_DIRECTIONS_.
Leave out any pictures and transcribe all other data below exactly.

Dataset items
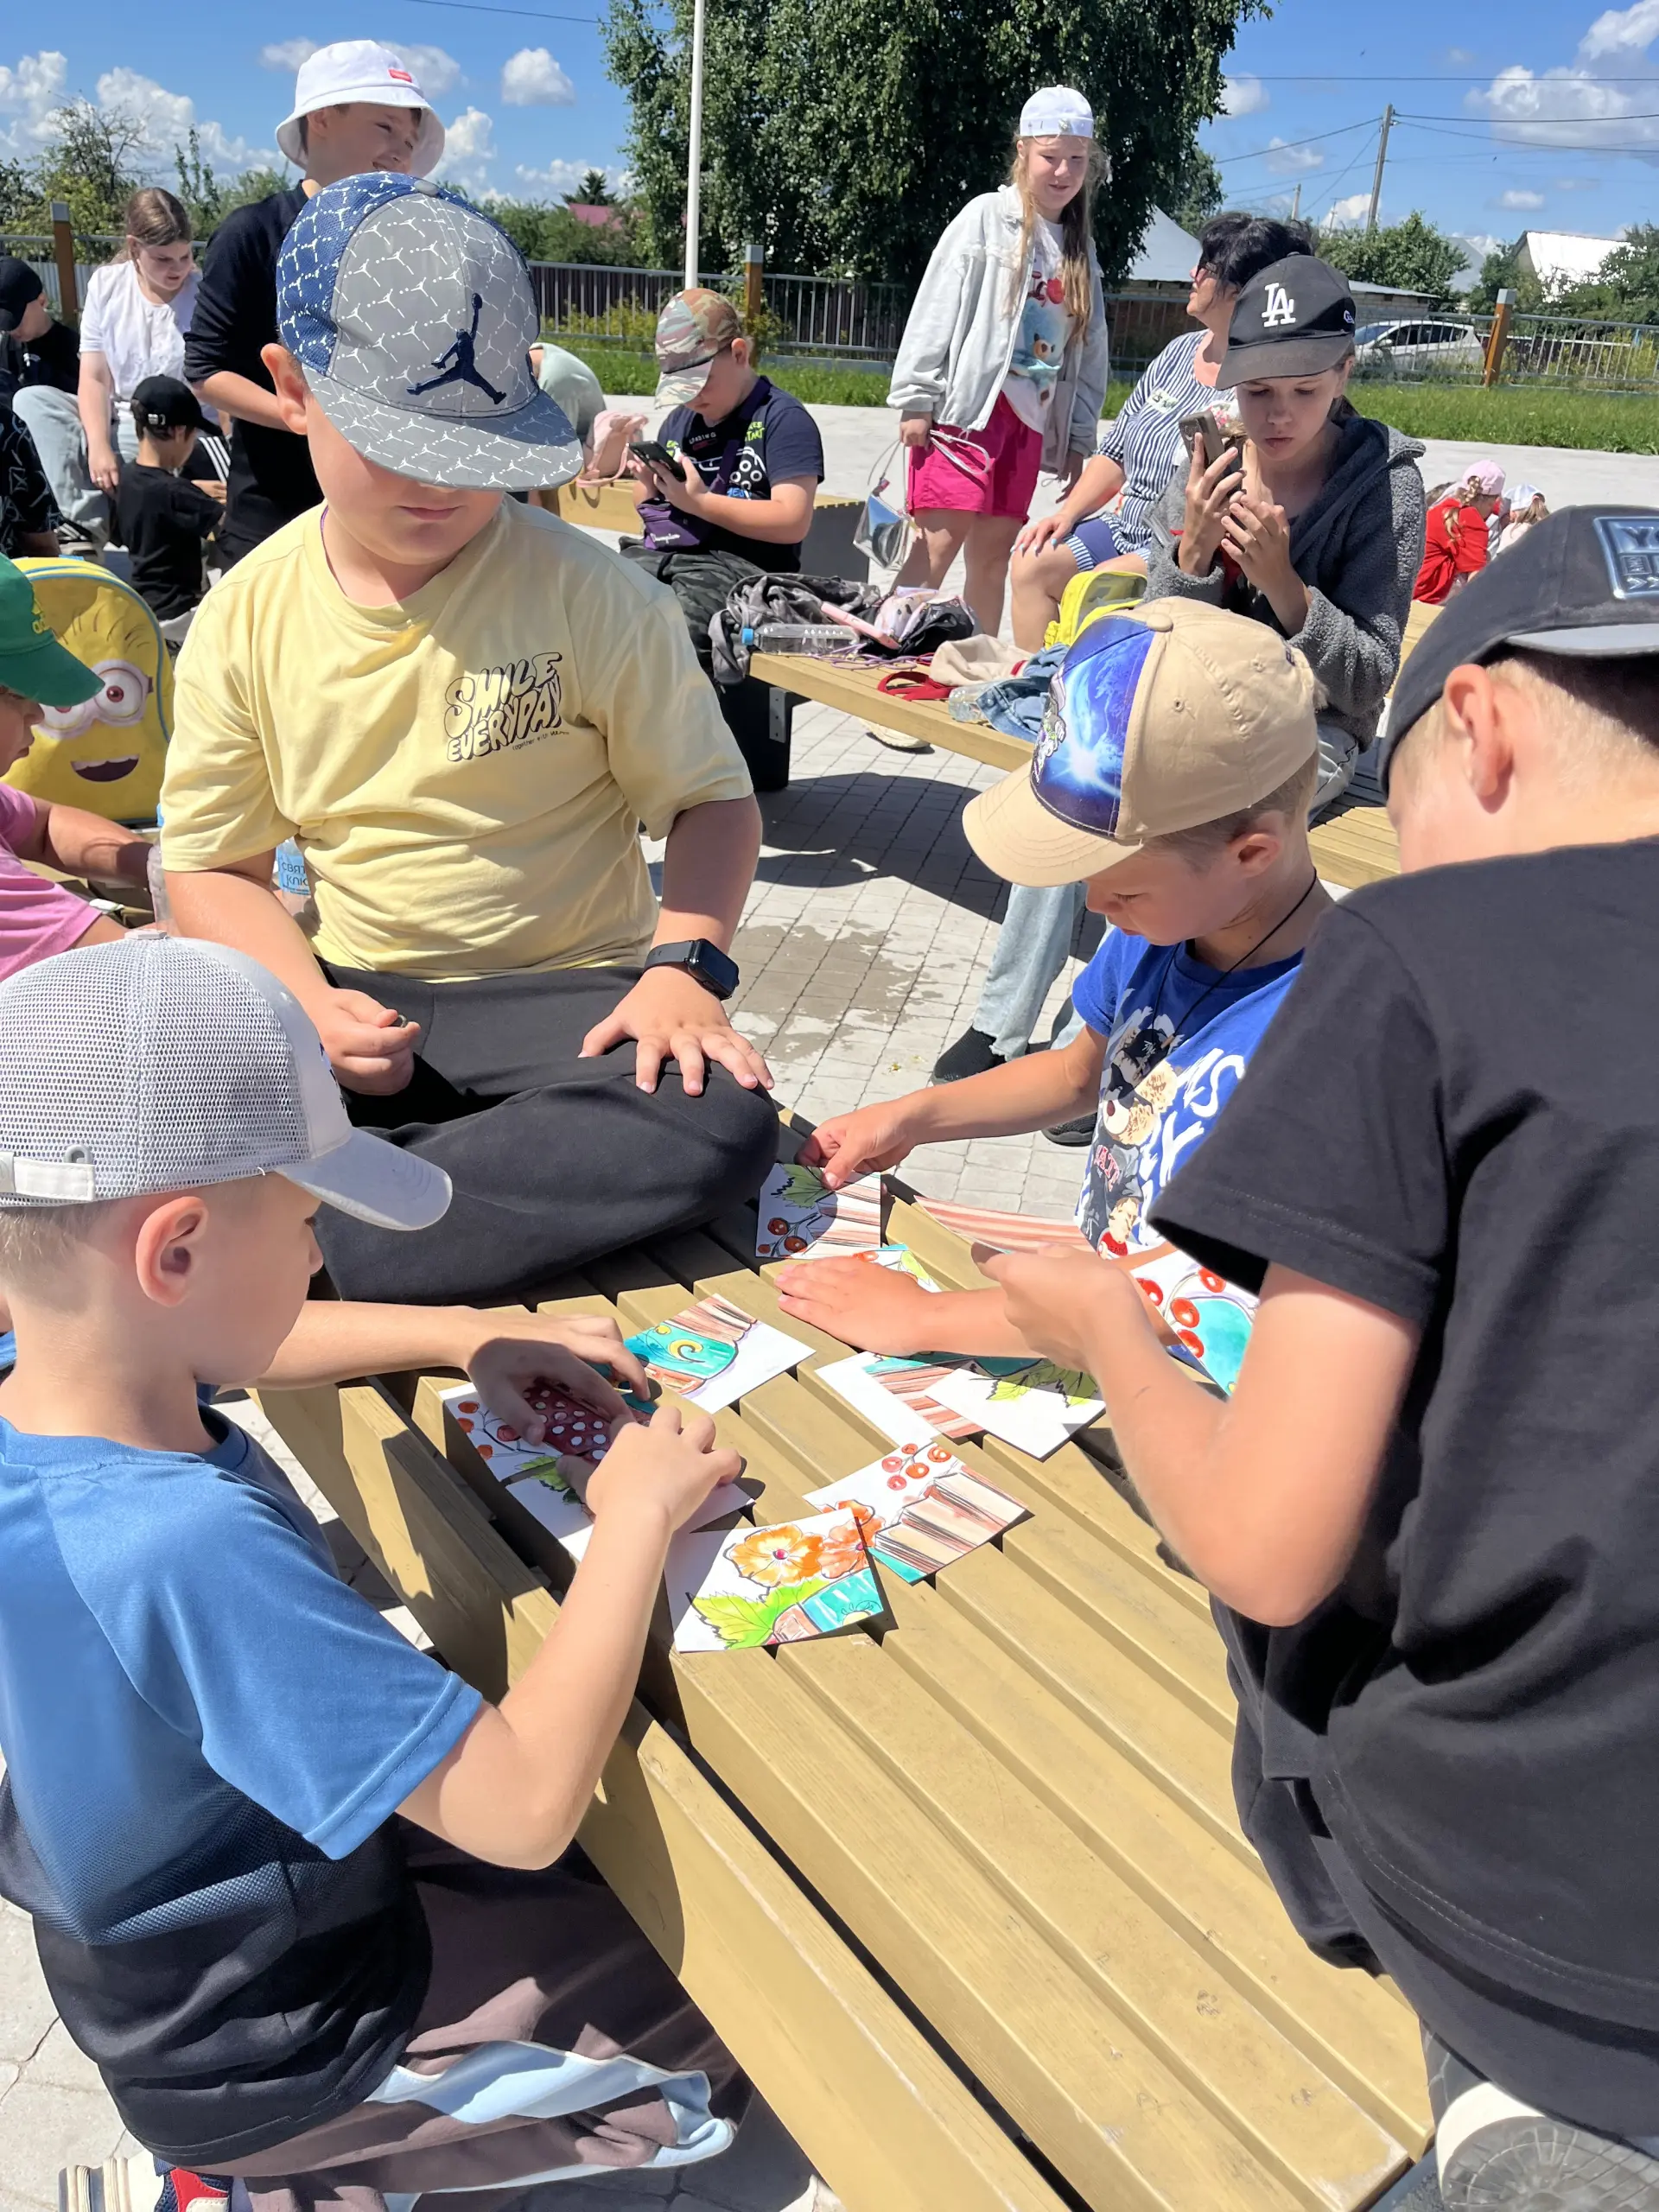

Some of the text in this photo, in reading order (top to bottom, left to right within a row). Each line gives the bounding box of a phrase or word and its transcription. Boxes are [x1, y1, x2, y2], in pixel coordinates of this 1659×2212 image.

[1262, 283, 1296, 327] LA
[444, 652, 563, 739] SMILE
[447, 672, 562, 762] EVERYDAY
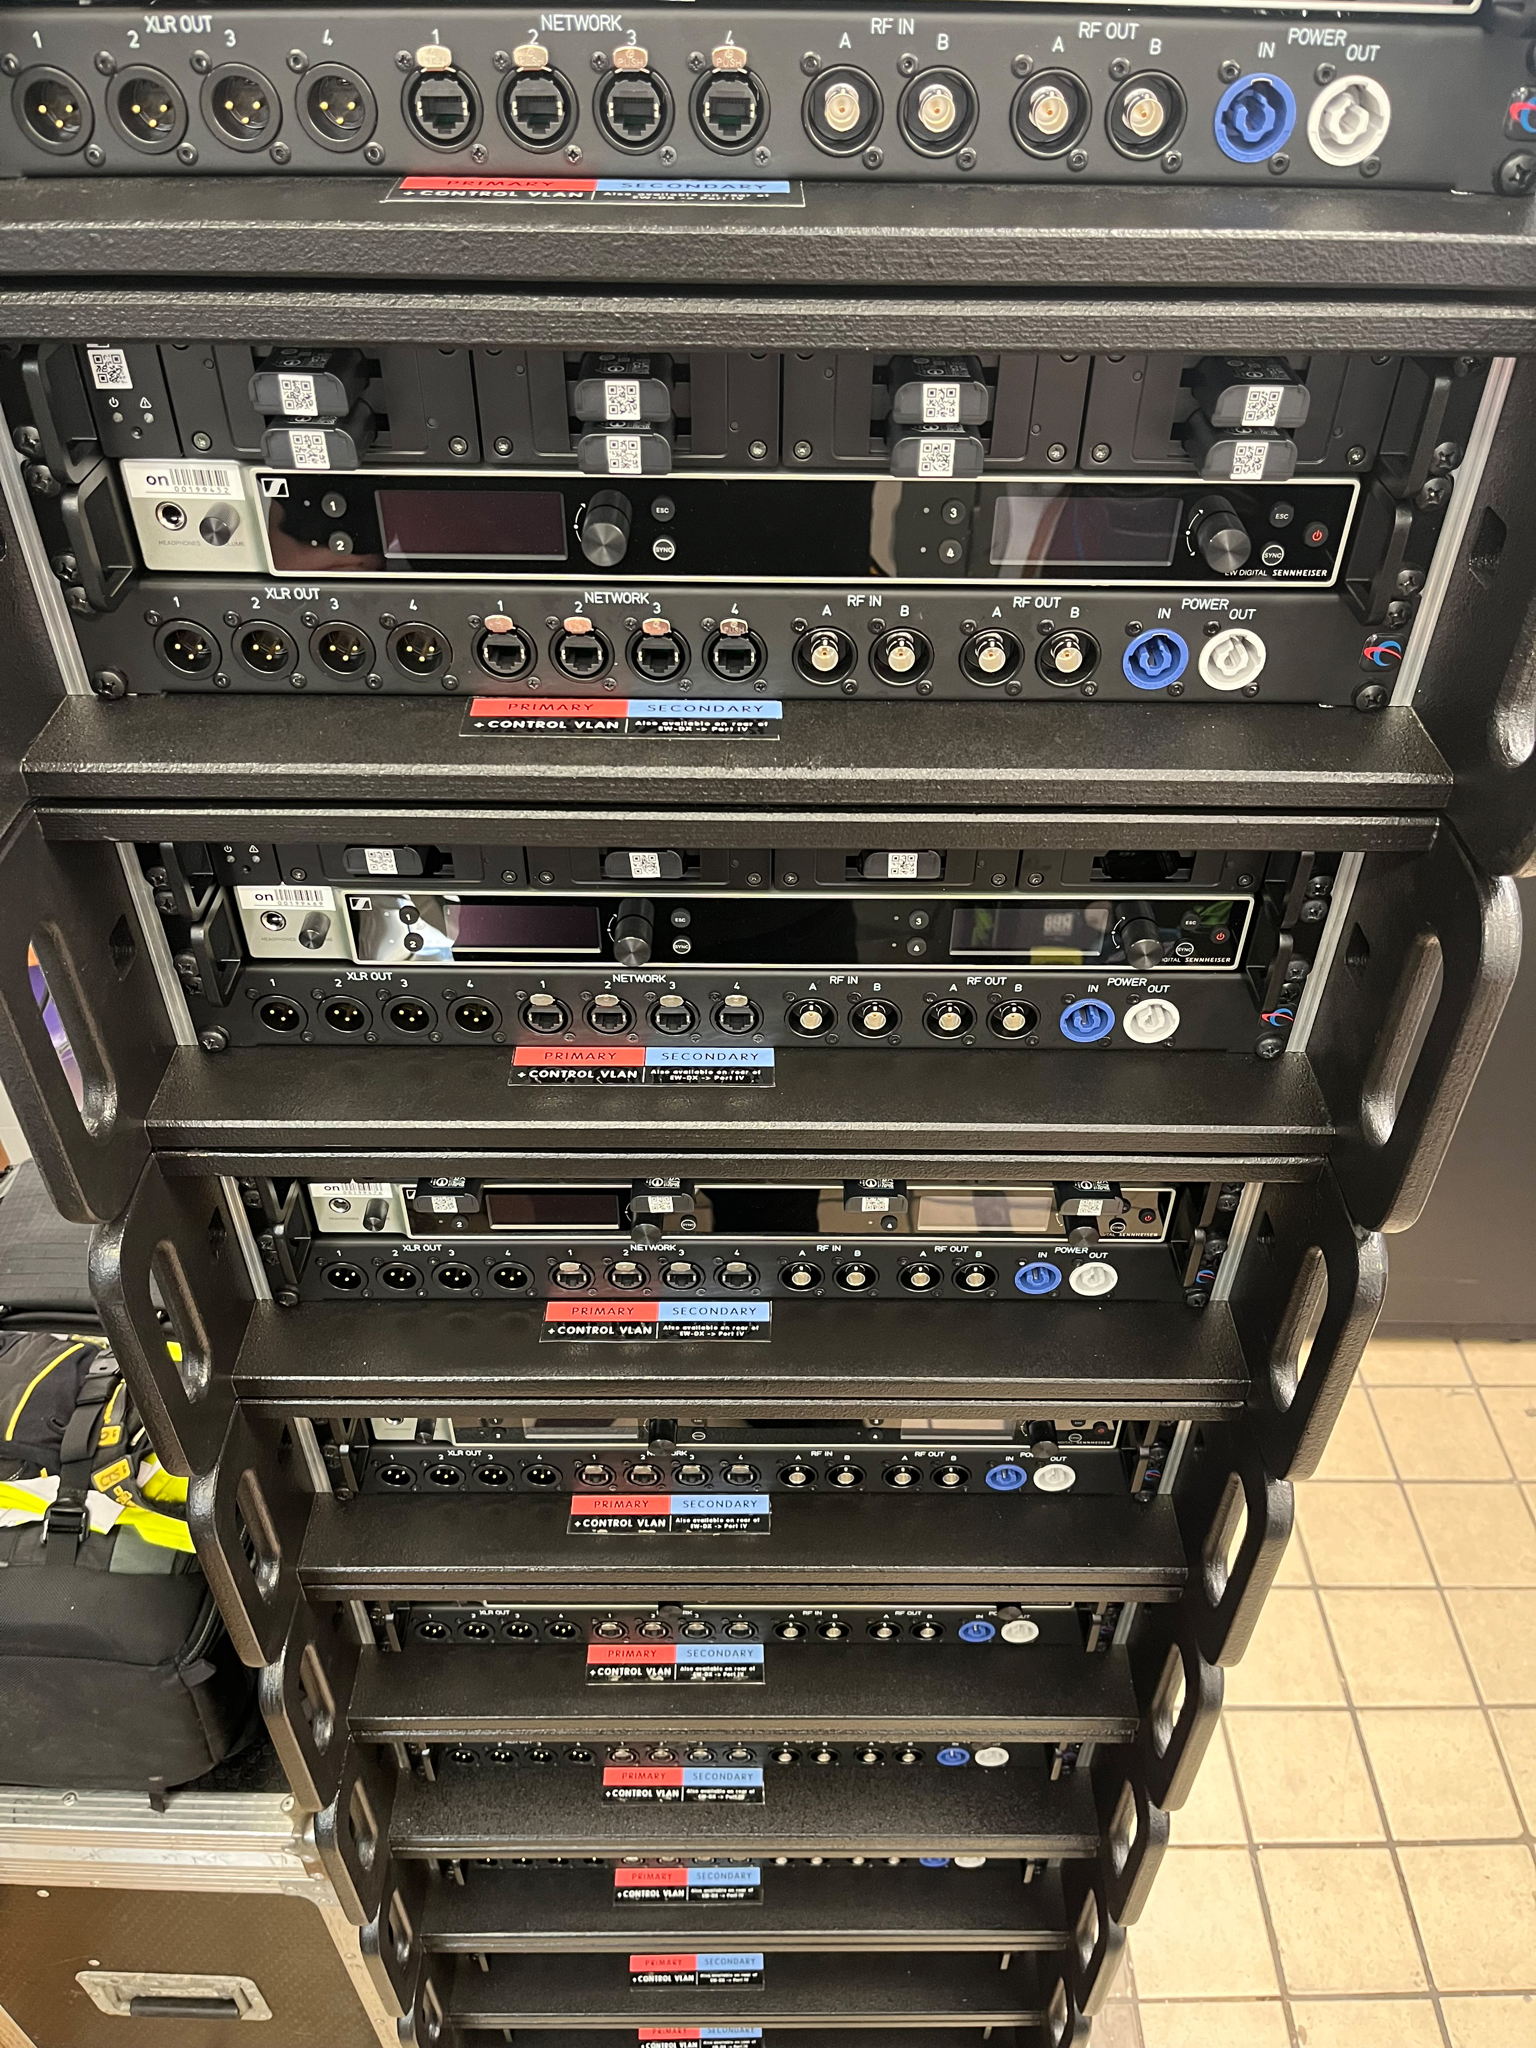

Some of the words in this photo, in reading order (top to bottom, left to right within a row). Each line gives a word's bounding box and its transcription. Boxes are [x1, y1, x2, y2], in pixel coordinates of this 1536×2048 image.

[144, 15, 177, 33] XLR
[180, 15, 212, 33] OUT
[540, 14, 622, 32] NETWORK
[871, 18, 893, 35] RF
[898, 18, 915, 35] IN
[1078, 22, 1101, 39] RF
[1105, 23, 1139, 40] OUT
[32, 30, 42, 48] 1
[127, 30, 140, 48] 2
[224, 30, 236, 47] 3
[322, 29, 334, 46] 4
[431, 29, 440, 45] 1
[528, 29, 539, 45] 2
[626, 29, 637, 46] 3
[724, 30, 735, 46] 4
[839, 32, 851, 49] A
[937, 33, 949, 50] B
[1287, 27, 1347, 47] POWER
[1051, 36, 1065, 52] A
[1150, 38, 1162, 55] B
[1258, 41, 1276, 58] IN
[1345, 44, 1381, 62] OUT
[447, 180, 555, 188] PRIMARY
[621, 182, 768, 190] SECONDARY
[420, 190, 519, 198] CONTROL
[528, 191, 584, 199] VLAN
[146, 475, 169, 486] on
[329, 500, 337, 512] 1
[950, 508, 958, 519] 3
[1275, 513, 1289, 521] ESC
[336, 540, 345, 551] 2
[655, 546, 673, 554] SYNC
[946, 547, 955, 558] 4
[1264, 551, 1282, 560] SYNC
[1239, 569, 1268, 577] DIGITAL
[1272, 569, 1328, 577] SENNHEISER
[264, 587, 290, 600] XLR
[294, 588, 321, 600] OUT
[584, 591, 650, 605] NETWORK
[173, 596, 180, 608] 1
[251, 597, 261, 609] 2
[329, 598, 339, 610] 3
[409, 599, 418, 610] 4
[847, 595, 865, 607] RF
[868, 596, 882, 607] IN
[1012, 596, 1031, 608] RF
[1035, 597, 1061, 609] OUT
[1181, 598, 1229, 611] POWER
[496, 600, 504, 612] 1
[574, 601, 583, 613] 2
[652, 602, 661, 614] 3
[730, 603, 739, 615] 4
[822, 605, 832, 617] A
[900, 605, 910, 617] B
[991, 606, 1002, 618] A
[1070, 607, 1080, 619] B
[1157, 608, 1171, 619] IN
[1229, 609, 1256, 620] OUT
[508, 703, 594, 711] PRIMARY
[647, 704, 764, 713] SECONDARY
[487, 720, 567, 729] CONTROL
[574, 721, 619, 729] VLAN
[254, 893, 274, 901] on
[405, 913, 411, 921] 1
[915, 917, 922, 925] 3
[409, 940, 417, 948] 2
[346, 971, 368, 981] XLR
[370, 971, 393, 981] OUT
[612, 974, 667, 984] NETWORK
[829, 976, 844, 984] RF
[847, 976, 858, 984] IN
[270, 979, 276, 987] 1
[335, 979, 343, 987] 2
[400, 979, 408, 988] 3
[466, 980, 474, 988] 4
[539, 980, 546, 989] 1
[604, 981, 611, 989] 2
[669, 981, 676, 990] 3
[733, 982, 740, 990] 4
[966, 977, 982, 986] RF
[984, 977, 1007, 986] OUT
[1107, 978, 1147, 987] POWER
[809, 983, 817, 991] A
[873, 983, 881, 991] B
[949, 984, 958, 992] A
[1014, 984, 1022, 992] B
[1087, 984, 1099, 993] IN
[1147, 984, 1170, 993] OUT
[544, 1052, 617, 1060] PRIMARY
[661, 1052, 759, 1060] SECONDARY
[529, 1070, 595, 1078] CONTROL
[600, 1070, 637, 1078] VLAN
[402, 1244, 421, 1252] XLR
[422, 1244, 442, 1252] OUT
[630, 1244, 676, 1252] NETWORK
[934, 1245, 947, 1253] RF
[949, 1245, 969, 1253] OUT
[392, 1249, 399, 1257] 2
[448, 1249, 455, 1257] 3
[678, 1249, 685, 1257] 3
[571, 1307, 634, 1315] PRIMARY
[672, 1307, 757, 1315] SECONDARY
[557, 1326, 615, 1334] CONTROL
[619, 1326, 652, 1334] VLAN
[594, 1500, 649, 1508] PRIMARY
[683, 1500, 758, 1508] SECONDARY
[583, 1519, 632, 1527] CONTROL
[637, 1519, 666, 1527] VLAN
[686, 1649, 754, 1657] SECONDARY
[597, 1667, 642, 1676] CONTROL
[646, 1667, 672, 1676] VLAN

_EXPECTED ANSWER_.
Some of the text in this photo, in reading order (top to bottom, left to right within a row). Each line gives the bounding box of a phrase or word and its transcription. Boxes are [x1, y1, x2, y2], in pixel coordinates of this 1659×2212 image.

[1262, 283, 1296, 327] LA
[444, 652, 563, 739] SMILE
[447, 672, 562, 762] EVERYDAY

Some of the words in this photo, in reading order (top to bottom, left to right within a row). Each line gives a word's bounding box and its transcription. Boxes are [x1, y1, x2, y2], in pixel coordinates of this 1536×2048 image.

[144, 15, 177, 33] XLR
[180, 15, 212, 33] OUT
[540, 14, 622, 32] NETWORK
[871, 18, 893, 35] RF
[898, 18, 915, 35] IN
[1078, 22, 1101, 39] RF
[1105, 23, 1139, 40] OUT
[32, 30, 42, 48] 1
[127, 30, 140, 48] 2
[224, 30, 236, 47] 3
[322, 29, 334, 46] 4
[431, 29, 440, 45] 1
[528, 29, 539, 45] 2
[626, 29, 637, 46] 3
[724, 30, 735, 46] 4
[839, 32, 851, 49] A
[937, 33, 949, 50] B
[1287, 27, 1347, 47] POWER
[1051, 36, 1065, 52] A
[1150, 38, 1162, 55] B
[1258, 41, 1276, 58] IN
[1345, 44, 1381, 62] OUT
[447, 180, 555, 188] PRIMARY
[621, 182, 768, 190] SECONDARY
[420, 190, 519, 198] CONTROL
[528, 191, 584, 199] VLAN
[146, 475, 169, 486] on
[329, 500, 337, 512] 1
[950, 508, 958, 519] 3
[1275, 513, 1289, 521] ESC
[336, 540, 345, 551] 2
[655, 546, 673, 554] SYNC
[946, 547, 955, 558] 4
[1264, 551, 1282, 560] SYNC
[1239, 569, 1268, 577] DIGITAL
[1272, 569, 1328, 577] SENNHEISER
[264, 587, 290, 600] XLR
[294, 588, 321, 600] OUT
[584, 591, 650, 605] NETWORK
[173, 596, 180, 608] 1
[251, 597, 261, 609] 2
[329, 598, 339, 610] 3
[409, 599, 418, 610] 4
[847, 595, 865, 607] RF
[868, 596, 882, 607] IN
[1012, 596, 1031, 608] RF
[1035, 597, 1061, 609] OUT
[1181, 598, 1229, 611] POWER
[496, 600, 504, 612] 1
[574, 601, 583, 613] 2
[652, 602, 661, 614] 3
[730, 603, 739, 615] 4
[822, 605, 832, 617] A
[900, 605, 910, 617] B
[991, 606, 1002, 618] A
[1070, 607, 1080, 619] B
[1157, 608, 1171, 619] IN
[1229, 609, 1256, 620] OUT
[508, 703, 594, 711] PRIMARY
[647, 704, 764, 713] SECONDARY
[487, 720, 567, 729] CONTROL
[574, 721, 619, 729] VLAN
[254, 893, 274, 901] on
[405, 913, 411, 921] 1
[915, 917, 922, 925] 3
[409, 940, 417, 948] 2
[346, 971, 368, 981] XLR
[370, 971, 393, 981] OUT
[612, 974, 667, 984] NETWORK
[829, 976, 844, 984] RF
[847, 976, 858, 984] IN
[270, 979, 276, 987] 1
[335, 979, 343, 987] 2
[400, 979, 408, 988] 3
[466, 980, 474, 988] 4
[539, 980, 546, 989] 1
[604, 981, 611, 989] 2
[669, 981, 676, 990] 3
[733, 982, 740, 990] 4
[966, 977, 982, 986] RF
[984, 977, 1007, 986] OUT
[1107, 978, 1147, 987] POWER
[809, 983, 817, 991] A
[873, 983, 881, 991] B
[949, 984, 958, 992] A
[1014, 984, 1022, 992] B
[1087, 984, 1099, 993] IN
[1147, 984, 1170, 993] OUT
[544, 1052, 617, 1060] PRIMARY
[661, 1052, 759, 1060] SECONDARY
[529, 1070, 595, 1078] CONTROL
[600, 1070, 637, 1078] VLAN
[402, 1244, 421, 1252] XLR
[422, 1244, 442, 1252] OUT
[630, 1244, 676, 1252] NETWORK
[934, 1245, 947, 1253] RF
[949, 1245, 969, 1253] OUT
[392, 1249, 399, 1257] 2
[448, 1249, 455, 1257] 3
[678, 1249, 685, 1257] 3
[571, 1307, 634, 1315] PRIMARY
[672, 1307, 757, 1315] SECONDARY
[557, 1326, 615, 1334] CONTROL
[619, 1326, 652, 1334] VLAN
[594, 1500, 649, 1508] PRIMARY
[683, 1500, 758, 1508] SECONDARY
[583, 1519, 632, 1527] CONTROL
[637, 1519, 666, 1527] VLAN
[686, 1649, 754, 1657] SECONDARY
[597, 1667, 642, 1676] CONTROL
[646, 1667, 672, 1676] VLAN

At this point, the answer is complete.